> What this task involves
Everything from the line containing "this 1280×1708 image." to the end of the records below should be repeated exactly, with no other lines added.

== Segment start ==

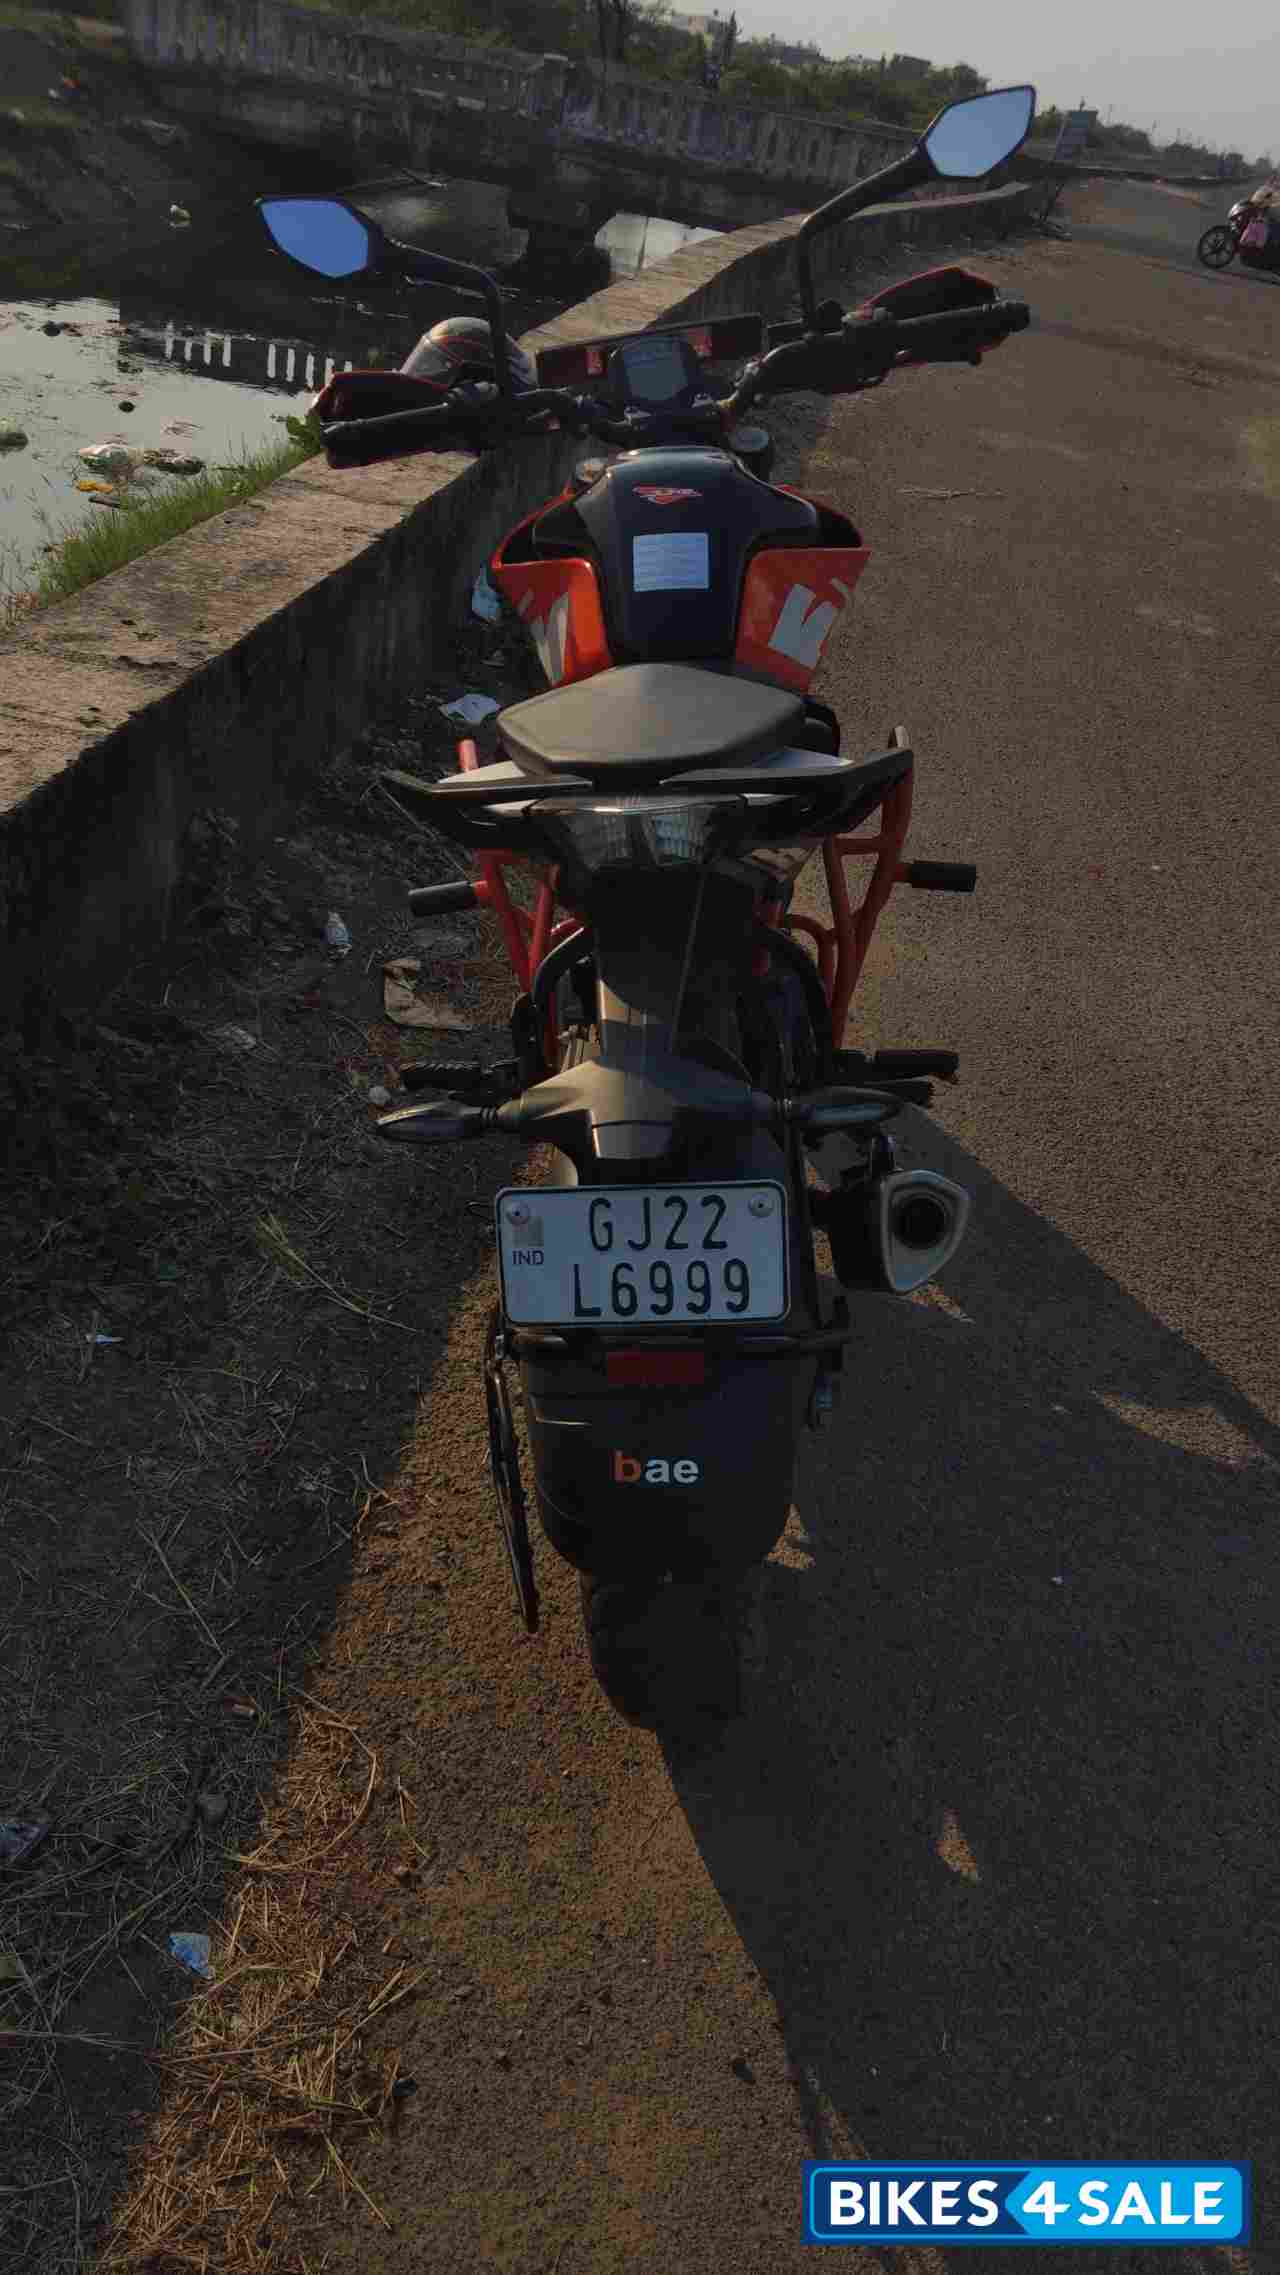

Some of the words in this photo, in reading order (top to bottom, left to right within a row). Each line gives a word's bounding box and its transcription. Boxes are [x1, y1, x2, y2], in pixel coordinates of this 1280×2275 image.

[588, 1194, 729, 1251] GJ22
[512, 1250, 544, 1265] IND
[573, 1258, 750, 1317] L6999
[613, 1448, 699, 1485] bae
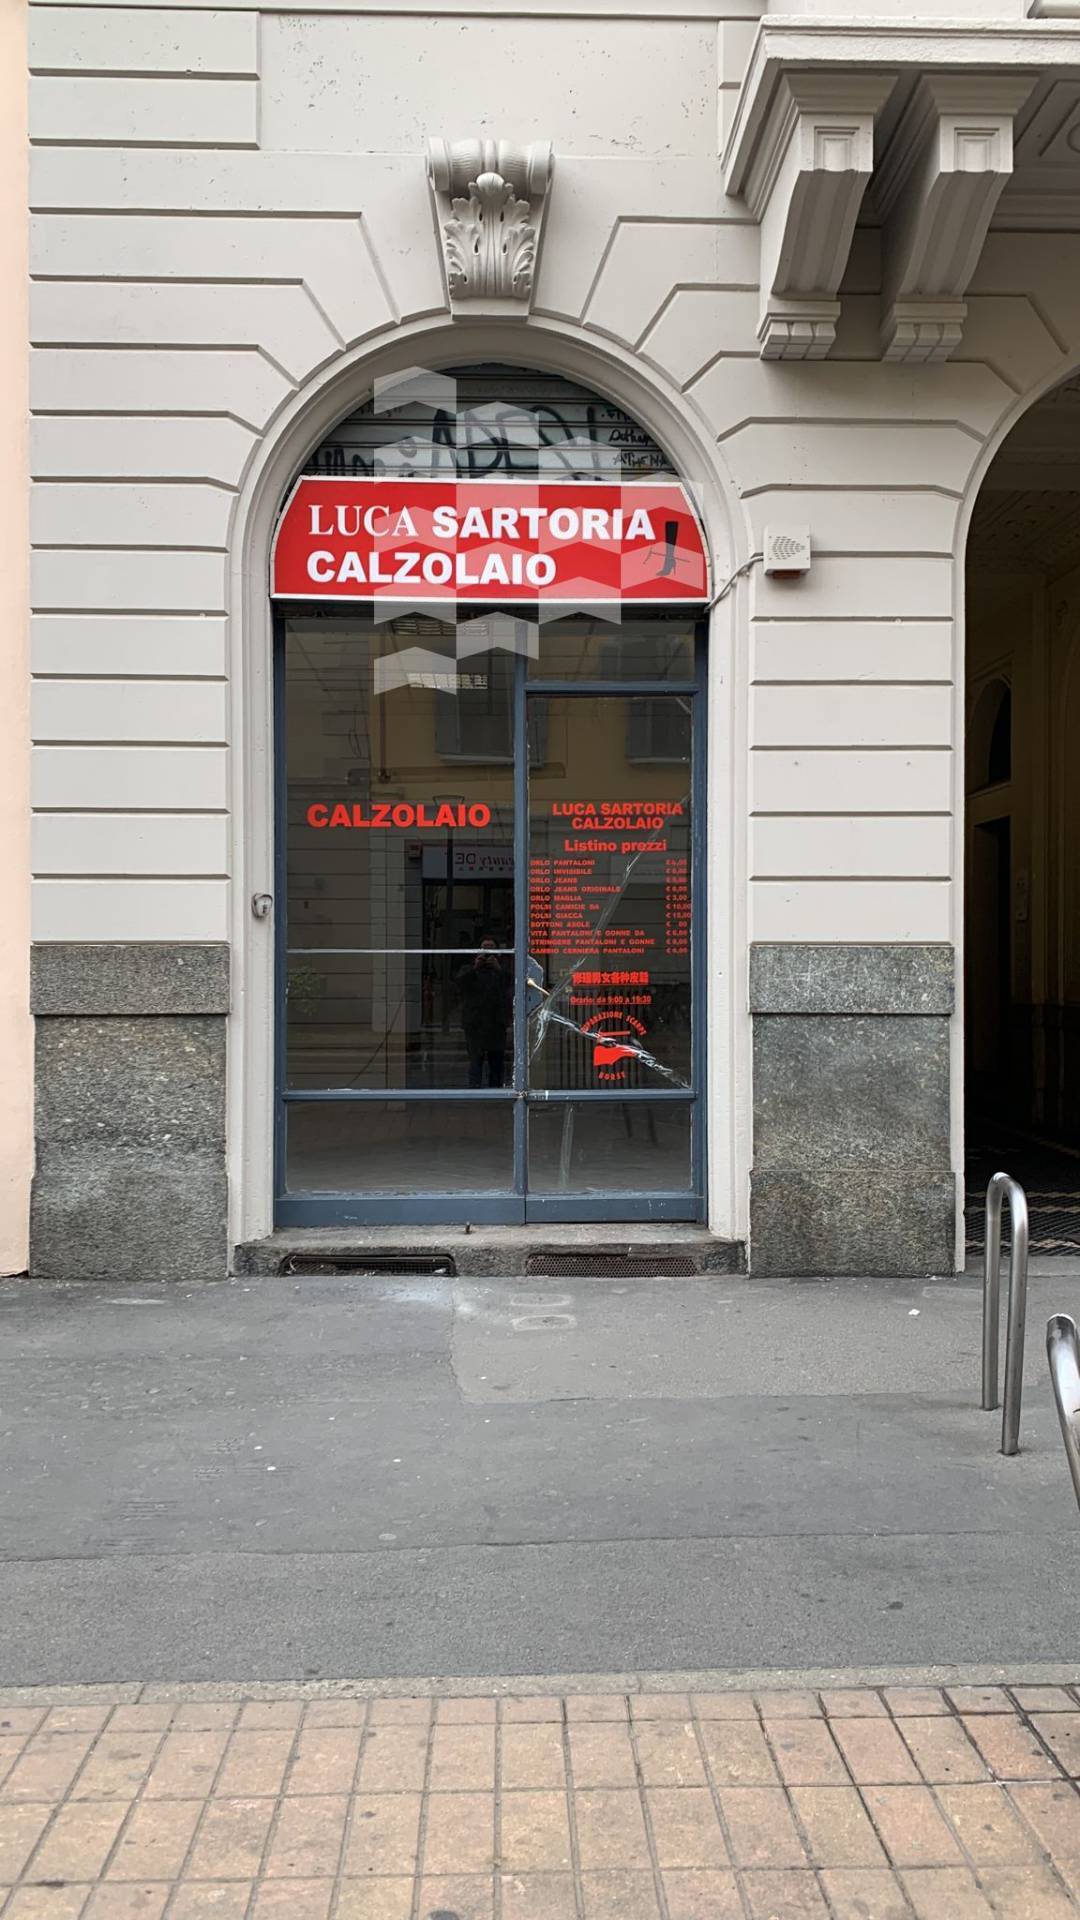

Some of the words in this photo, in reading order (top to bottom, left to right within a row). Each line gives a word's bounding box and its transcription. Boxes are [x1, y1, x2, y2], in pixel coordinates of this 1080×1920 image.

[308, 504, 419, 537] LUCA
[432, 505, 657, 541] SARTORIA
[307, 550, 557, 585] CALZOLAIO
[306, 803, 491, 828] CALZOLAIO
[552, 803, 597, 816] LUCA
[600, 803, 684, 816] SARTORIA
[571, 817, 665, 830] CALZOLAIO
[564, 840, 618, 852] Listino
[621, 840, 668, 854] prezzi
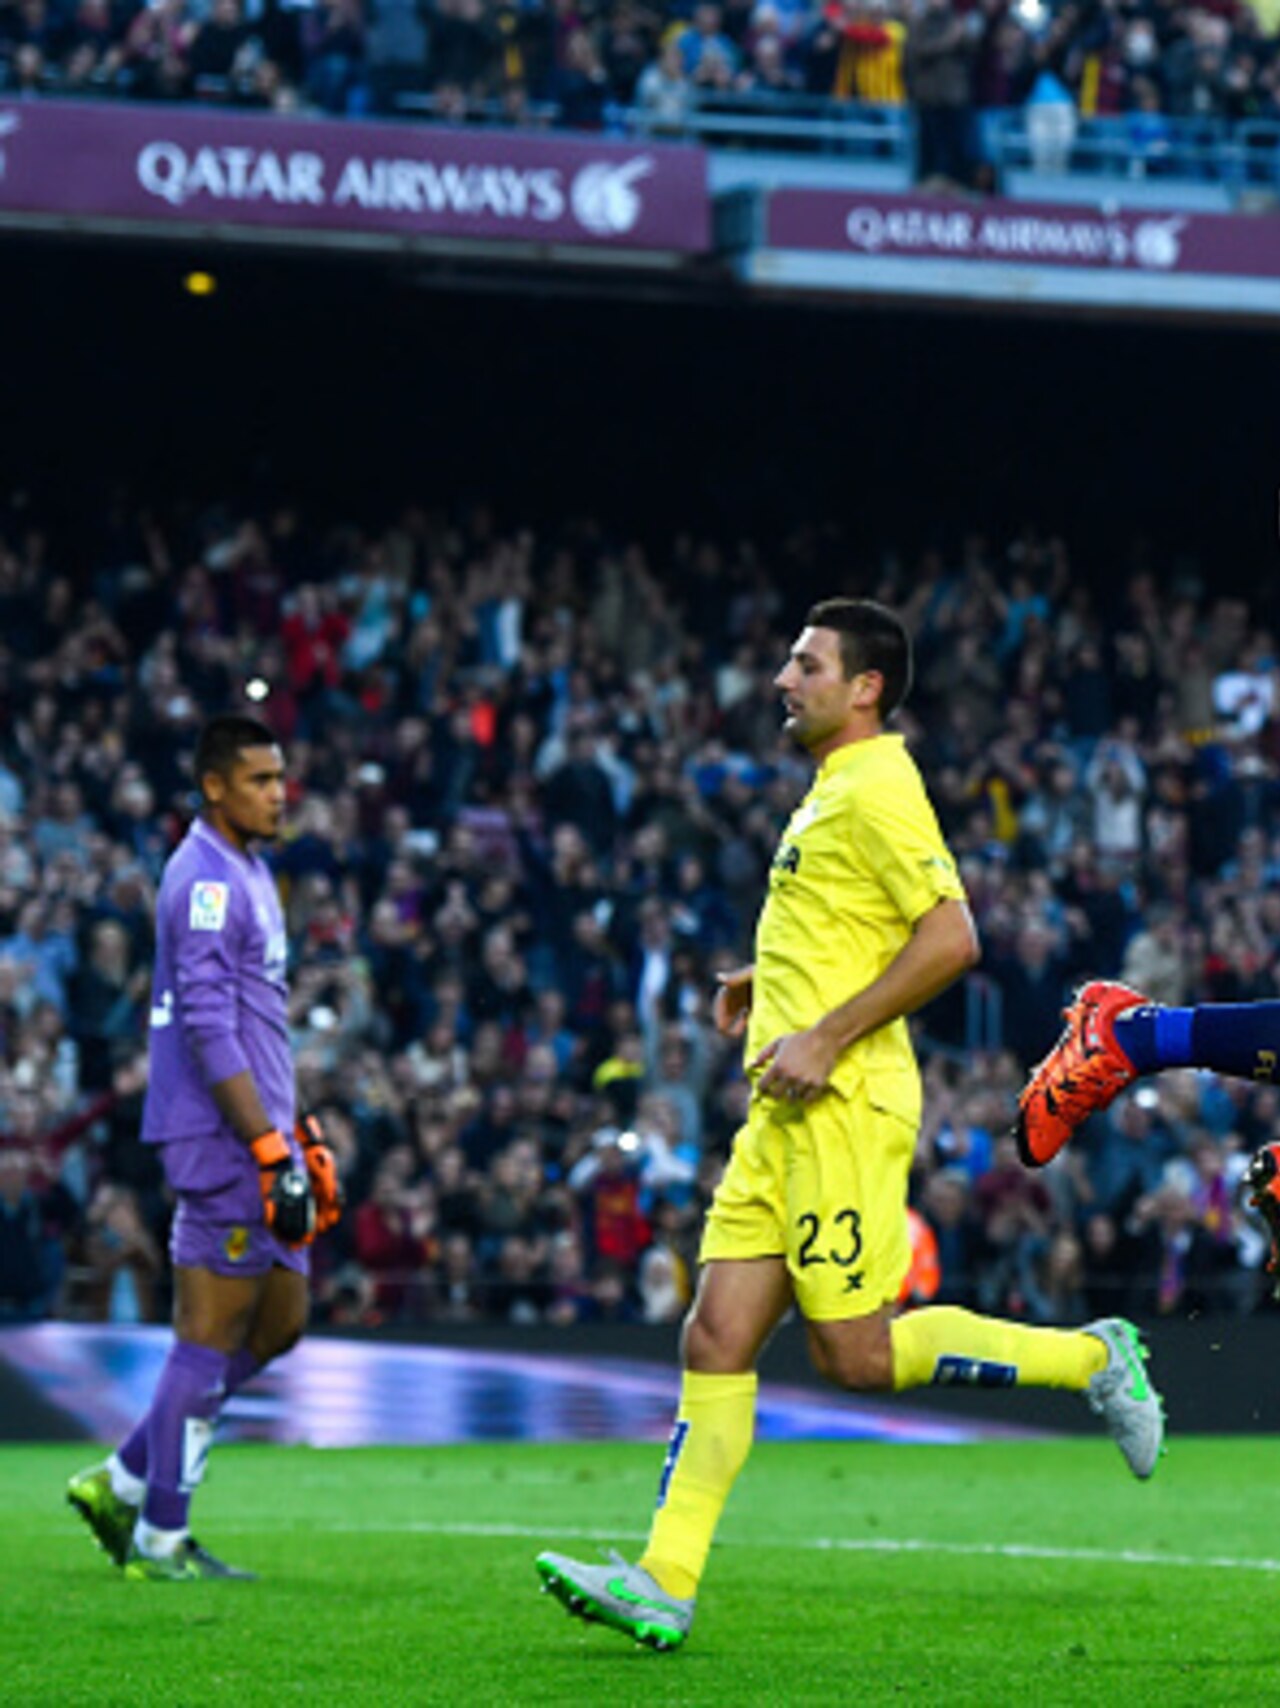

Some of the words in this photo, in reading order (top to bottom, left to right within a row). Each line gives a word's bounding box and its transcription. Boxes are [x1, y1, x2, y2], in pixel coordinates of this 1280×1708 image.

[137, 141, 326, 206] QATAR
[334, 156, 564, 222] AIRWAYS
[846, 206, 973, 254] QATAR
[978, 215, 1130, 264] AIRWAYS
[796, 1209, 862, 1269] 23

== Segment end ==

> Answer to the problem
Some of the words in this photo, in reading order (top to bottom, left to right within a row). Each line gives a word's bounding box and its transcription. Boxes are [x1, y1, x2, y2], in pixel coordinates of this 1280×1708 image.

[137, 141, 326, 206] QATAR
[334, 156, 564, 222] AIRWAYS
[846, 206, 973, 254] QATAR
[978, 215, 1130, 264] AIRWAYS
[796, 1209, 862, 1269] 23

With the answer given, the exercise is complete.